Aggregation of payments made in the same tax week is already provided for unless the earnings are from different employers, where aggregation would involve both practical complications and the disclosure of the employee's earnings with one employer to another.

Does not the reply mean that a number of people who would like to take part in the graduated pensions scheme are denied the right to do so? Is not this just another example of the many flaws in the scheme? If an employee earning from two different employers wants those earnings aggregated and is willing to have them revealed, why should he not be allowed to do so?

Because it would involve one employer knowing at the time what the employee was also getting in that week from another employer, and from the practical point of view that really does not make sense. However, I appreciate the hon. Lady's enthusiasm for the scheme.

Is not the right hon. Gentleman aware that this suggestion has been put forward by the Blackburn Chamber of Trade, which, being an employers' organisation, is aware of the difficulties? Is the Minister aware that the Chamber of Trade still thinks that his arguments are invalid and that this point ought to be met?

I note the views expressed, but I must say that I should find it difficult in general to come to the Dispatch Box and justify a general system under which I disclosed a man's earnings from one employer to another.


asked the Minister of Pensions and National Insurance if he will consider the possibility of remission to retiring workers of their contributions under the graduated scheme, where the aggregation of their contributions does not qualify them for any addition to their pensions.

Does not the Minister admit that this feature of his scheme is the one which causes the greatest grievance to the retiring worker, who has to pay for the last three, four or five months something for nothing?

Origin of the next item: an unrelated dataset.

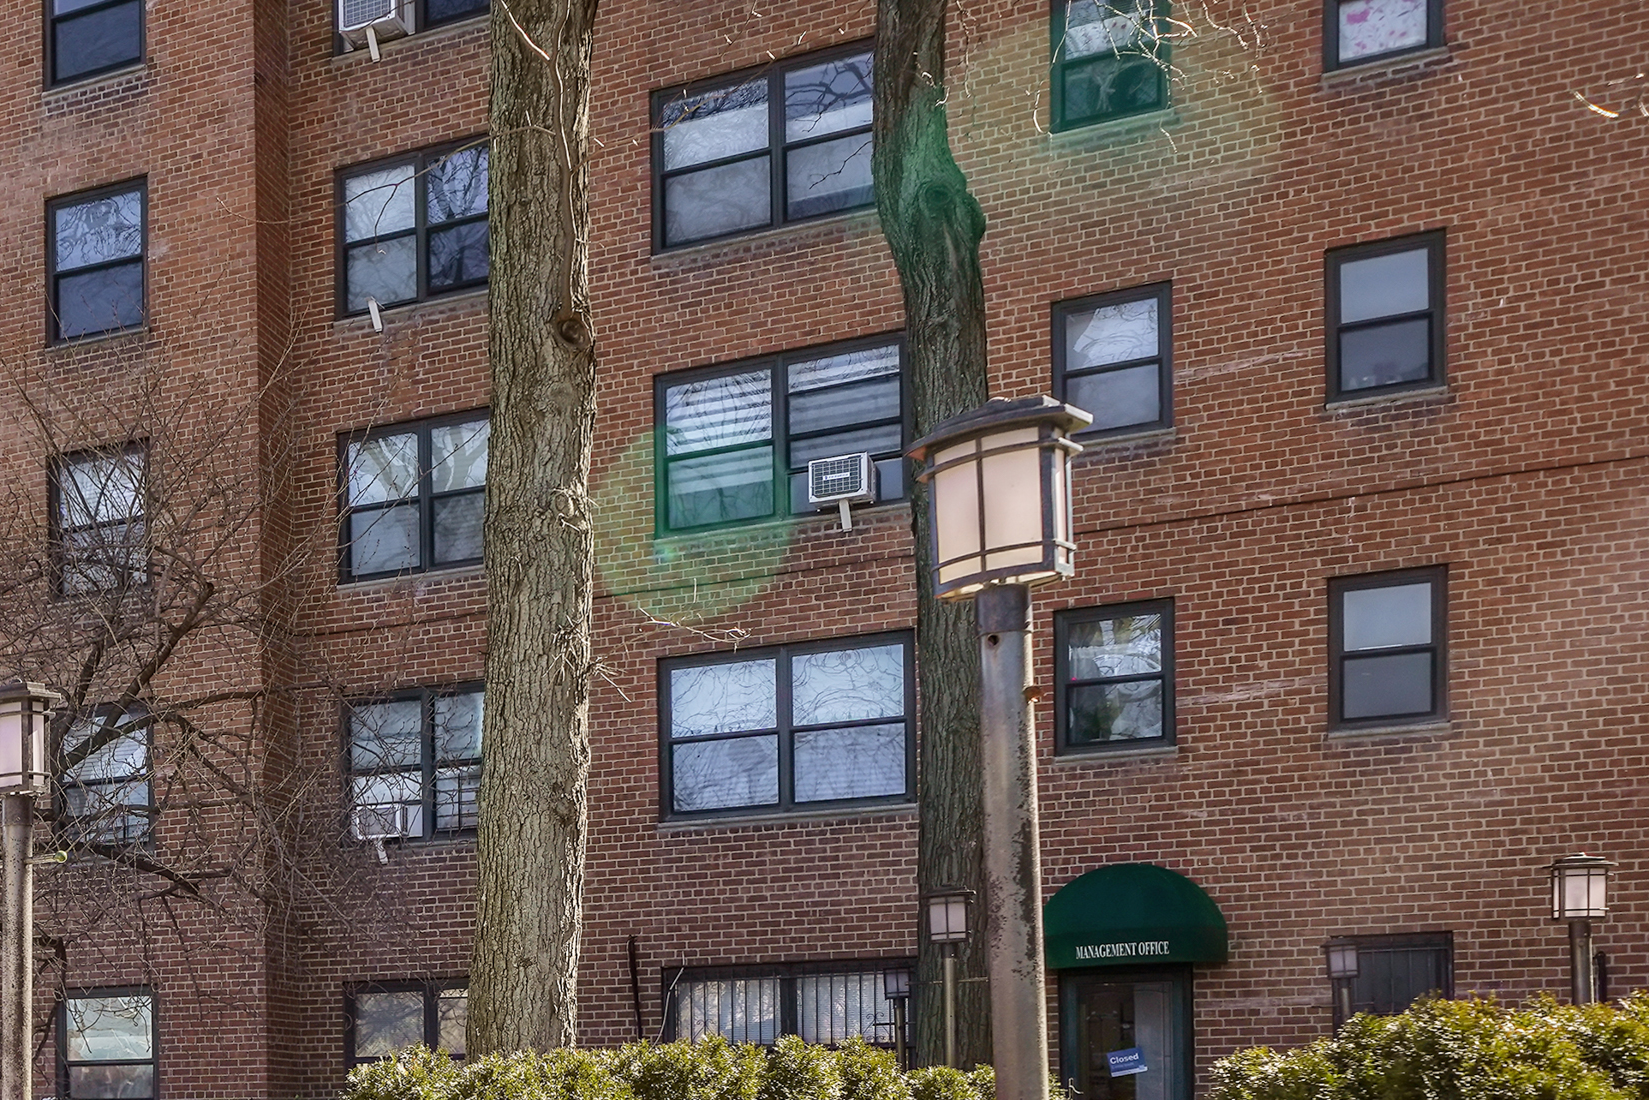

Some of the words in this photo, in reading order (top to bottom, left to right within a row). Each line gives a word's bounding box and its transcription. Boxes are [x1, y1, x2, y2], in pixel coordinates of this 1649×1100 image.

[1075, 942, 1137, 960] MANAGEMENT
[1138, 941, 1170, 956] OFFICE
[1109, 1052, 1140, 1064] Closed
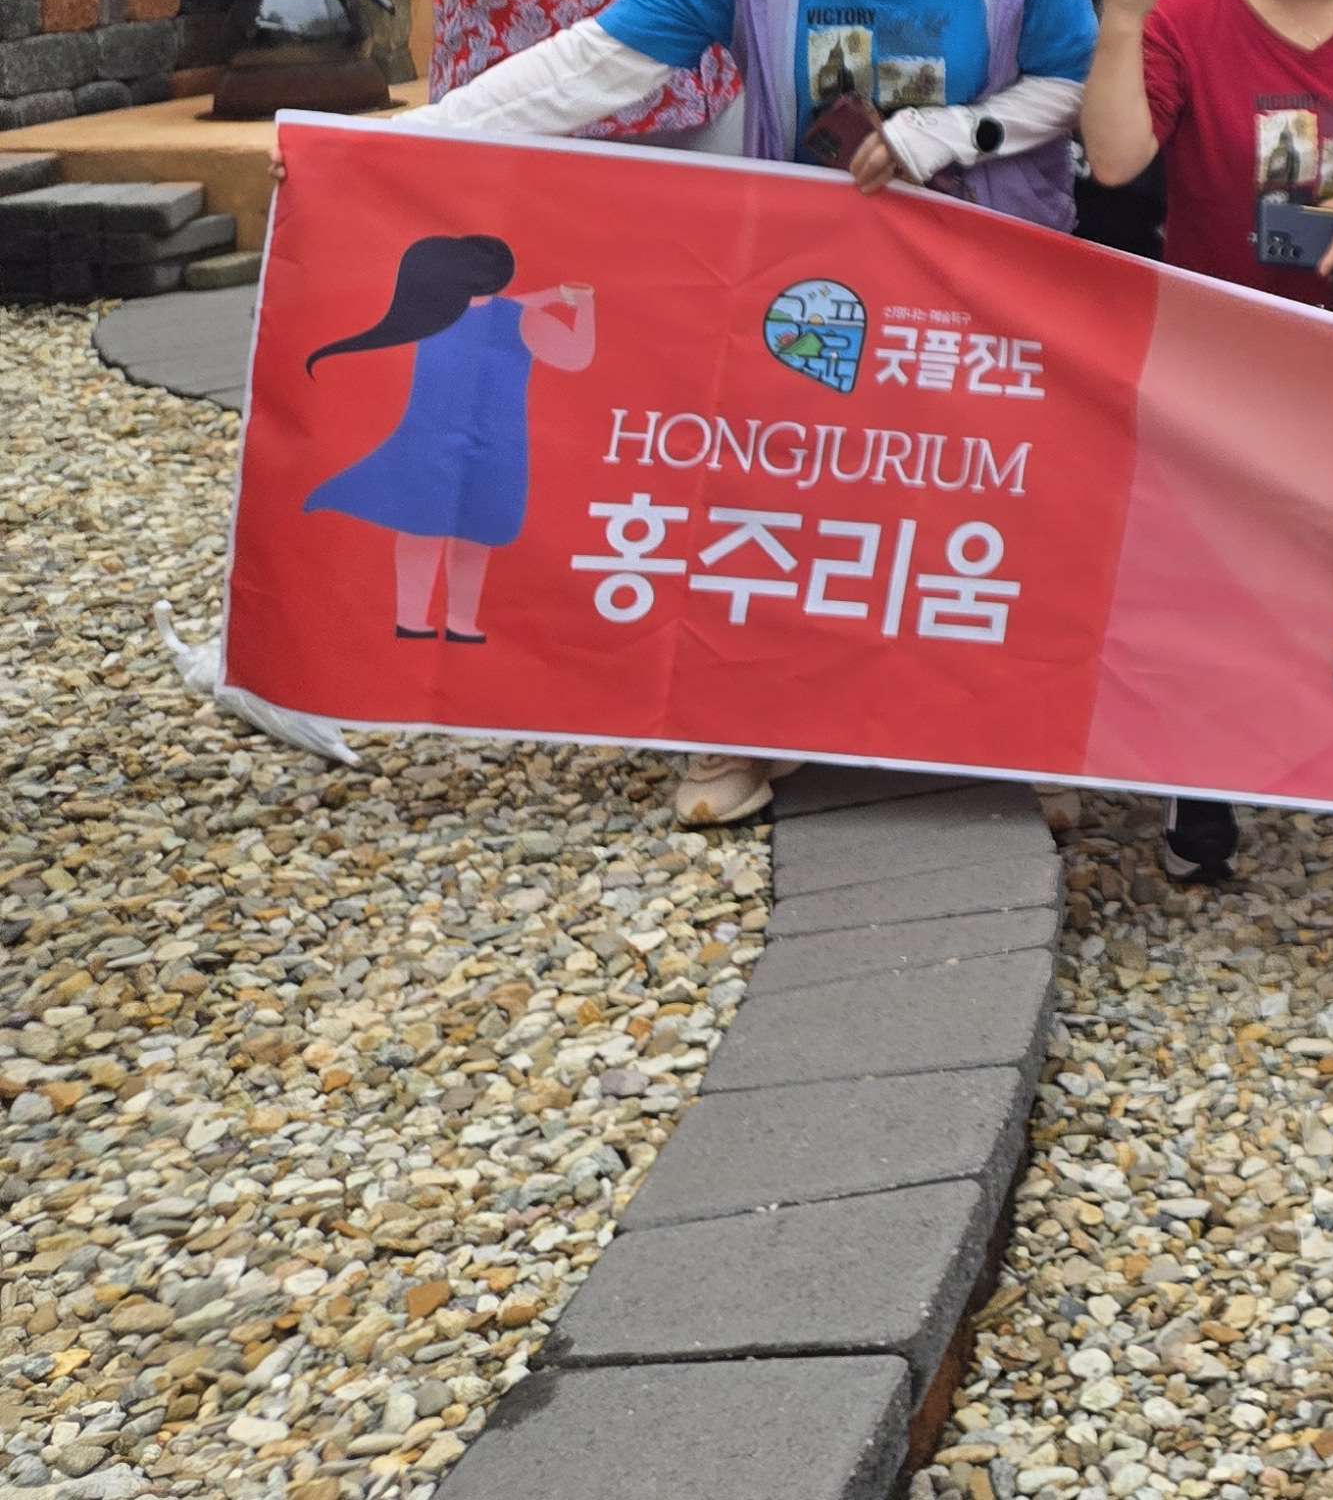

No, Sir; I do not. It is the essence of this part of the scheme that if one has contributed half a unit or mare it counts as a whole unit, and if one has contributed less than half it does not count. All in all, I think it is pretty fair.

Surely the right hon. Gentleman will appreciate that a person whose aggregate payments do not come to half a unit is still paying something for nothing?

That person is also, as a matter of definition, drawing a first-rate pension towards the total value of which, if he has contributed from the beginning of the scheme, he can hardly have contributed one-tenth. In those circumstances, I do not think that a nugatory contribution of at most £3 14s. 6d. is a very high price to pay.